◆ **WHAT TO DO**
In this exercise, restate the listing word for word.

[INFORMATION — start]

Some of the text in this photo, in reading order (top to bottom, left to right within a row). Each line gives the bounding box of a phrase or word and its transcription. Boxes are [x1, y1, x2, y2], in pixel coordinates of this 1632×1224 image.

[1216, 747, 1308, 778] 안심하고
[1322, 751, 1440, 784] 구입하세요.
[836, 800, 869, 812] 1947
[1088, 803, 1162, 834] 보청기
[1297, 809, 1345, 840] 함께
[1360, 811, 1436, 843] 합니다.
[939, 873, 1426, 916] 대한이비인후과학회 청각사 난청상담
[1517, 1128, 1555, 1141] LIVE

[INFORMATION — finish]

◆ **TASK ANSWER**
Some of the text in this photo, in reading order (top to bottom, left to right within a row). Each line gives the bounding box of a phrase or word and its transcription. Boxes are [x1, y1, x2, y2], in pixel coordinates of this 1632×1224 image.

[1216, 747, 1308, 778] 안심하고
[1322, 751, 1440, 784] 구입하세요.
[836, 800, 869, 812] 1947
[1088, 803, 1162, 834] 보청기
[1297, 809, 1345, 840] 함께
[1360, 811, 1436, 843] 합니다.
[939, 873, 1426, 916] 대한이비인후과학회 청각사 난청상담
[1517, 1128, 1555, 1141] LIVE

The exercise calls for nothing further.